Gun violence in this country is pervasive and unacceptable.
According to the Washington Post there are now more guns in the US than people. And people with guns tend to either shoot themselves, intentionally or by accident.
Untrained owners of handguns imagine the weapons being used for self-defense and may be surprised when a curious child kills another, or the owner accidentally shoots a friend or relative in the dark, or occasionally in a fit of rage, kills a member of his family.
As we know, long guns and pistols were never used for sporting events. Firearms trace back to the Renaissance, where they were developed to penetrate armor. Contrary to what the National Rifle Association claims, guns were never widely used for target shooting, or plinking, and the second amendment to the Constitution specifies that gun ownership be restricted to members of a militia.
After an individual (usually a man) kills several people with a gun, an understandable perception forms that the person has or had "mental problems."
This stands to reason because otherwise, why would anyone shoot a bunch of strangers? Research by the U.S. Army found that a high percentage of soldiers in World War II would intentionally fire over the heads of enemies, because the idea of killing a person is considered a sin, is so defined by major religions, and seems indefensible.
That research involved soldiers, who are trained and does not include people with serious mental illness.
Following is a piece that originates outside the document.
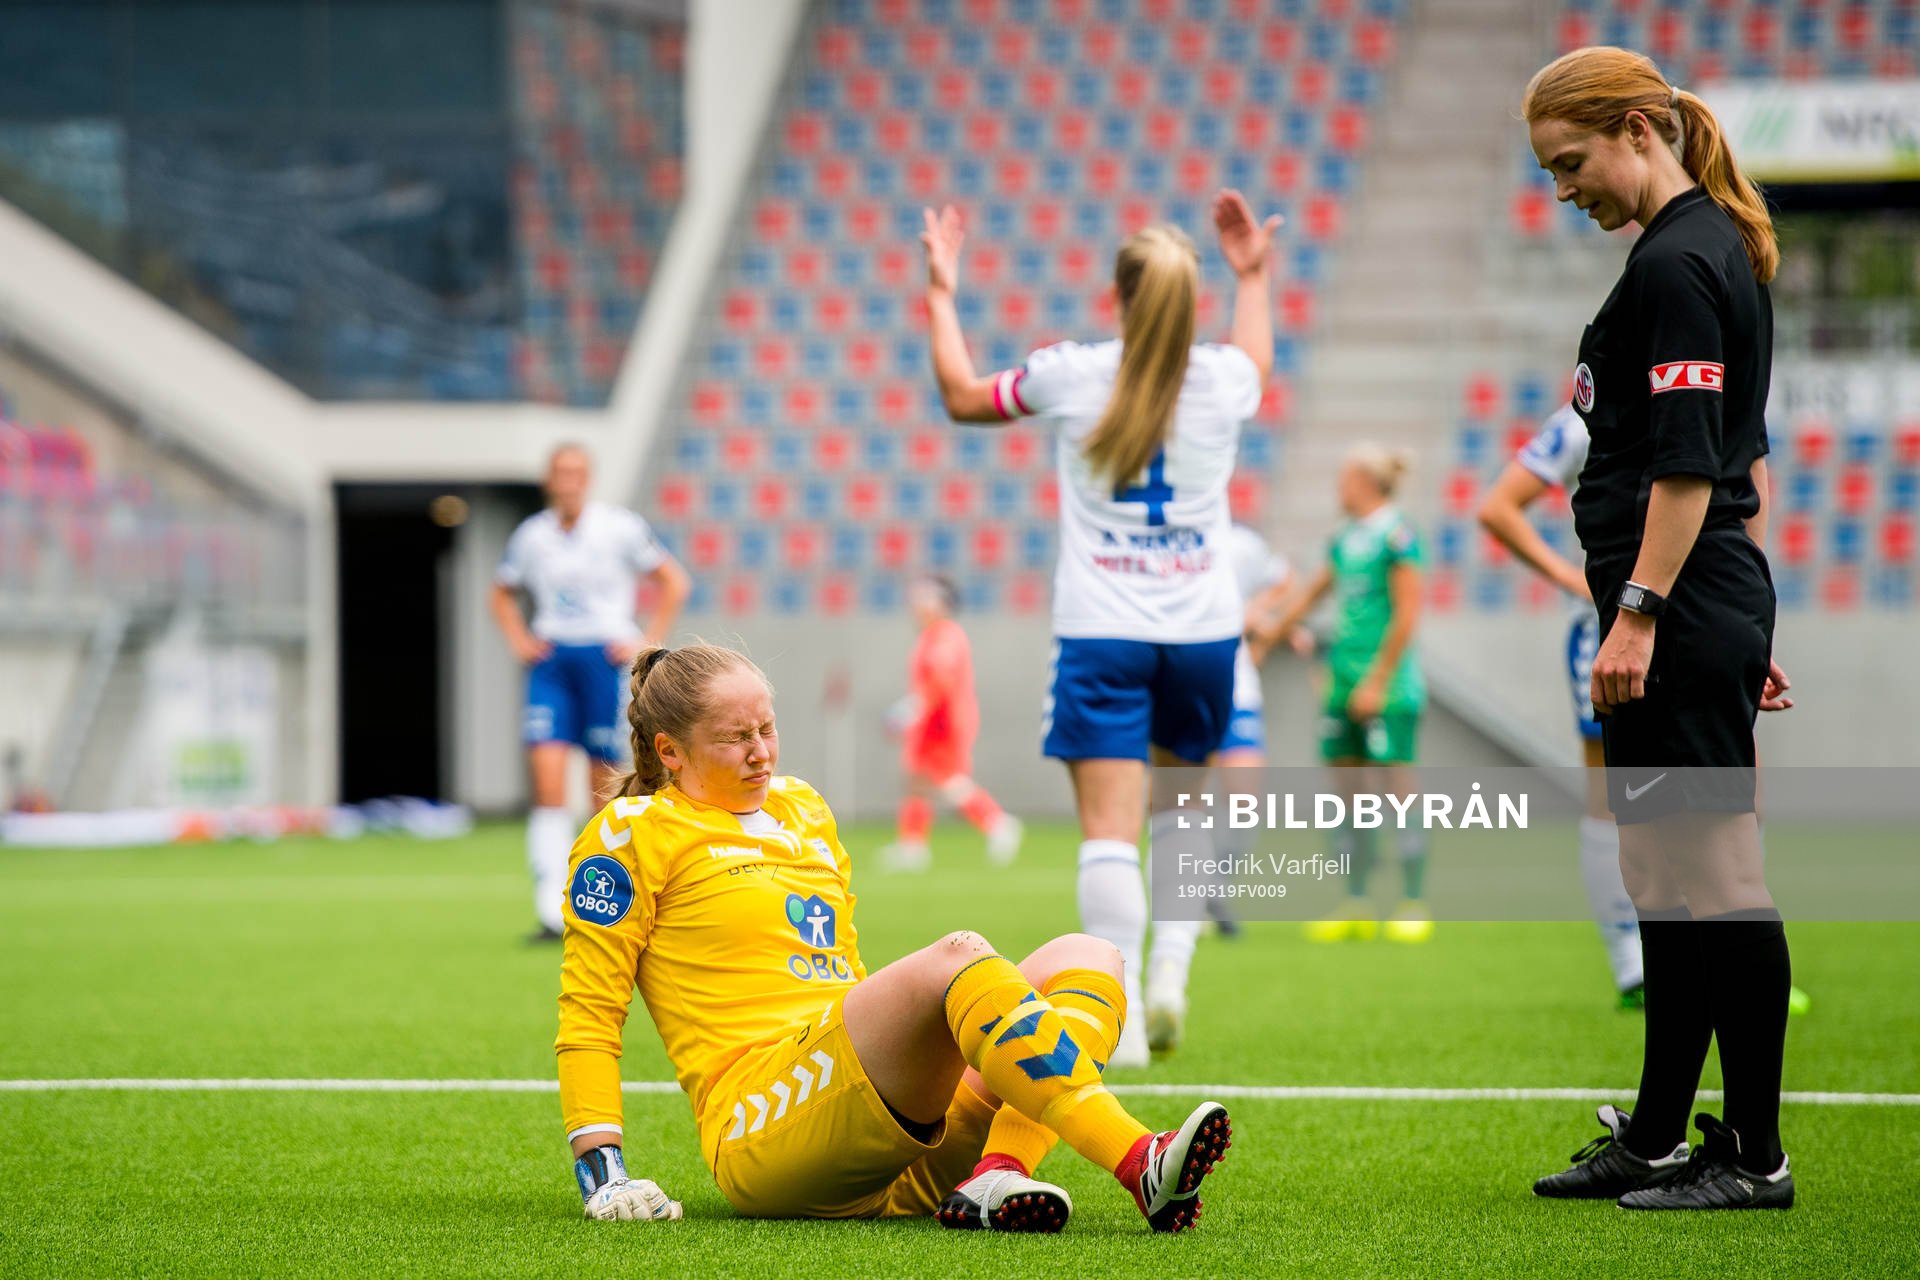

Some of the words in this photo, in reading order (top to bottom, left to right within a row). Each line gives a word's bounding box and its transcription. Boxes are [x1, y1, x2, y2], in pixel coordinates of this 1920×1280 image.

[1650, 364, 1722, 390] VG
[575, 893, 619, 916] OBOS
[788, 953, 857, 982] OBO
In fact, the American Journal of Psychiatry says:
Even if one assumes a direct association between violence against others and serious mental illness, the focus must be narrowed to the population of individuals with serious mental illness associated with less than 3% of all violence (Fazel and Grann 2006). Furthermore, current research suggests that in general there is a minimal relationship between psychiatric disorders and violence in the absence of substance abuse (Martone et al. 2013). Thus, the assumption that all persons with mental illness are a “high-risk” population relative to violence gen- erally and gun violence in particular lacks supportive evidence.
This study, among others, found that "less than 3 percent of all violence" is carried out by people with diagnosed mental illness. Yet almost everyone would agree that the man at Virginia Tech, the man at the nightclub in Orlando, the man who killed at Sandy Hook, the man who shot people in a theater showing a Batman movie, and etc., must have serious mental issues.
So either shooting people is a rational act -- it isn't -- or many people with serious mental health problems are going undiagnosed and untreated.
Is 3 to 4 percent a realistic figure? If so, efforts to stop gun violence by stepping up mental health screenings hardly makes sense. One if also forced to conclude that mass shootings are acts of rational people, which flies in the face of common sense.
The gun industry and lobby are glad to blame shootings on mental illness as a way to distract people from the real issue: handguns and rifles do no good, are not necessary, and citizens without guns are safer than gun owners in the U.S.
The solution to gun violence is elementary. Gradually eliminate private gun ownership. Get rid of firearms.
Will that ever happen? Don't hold your breath.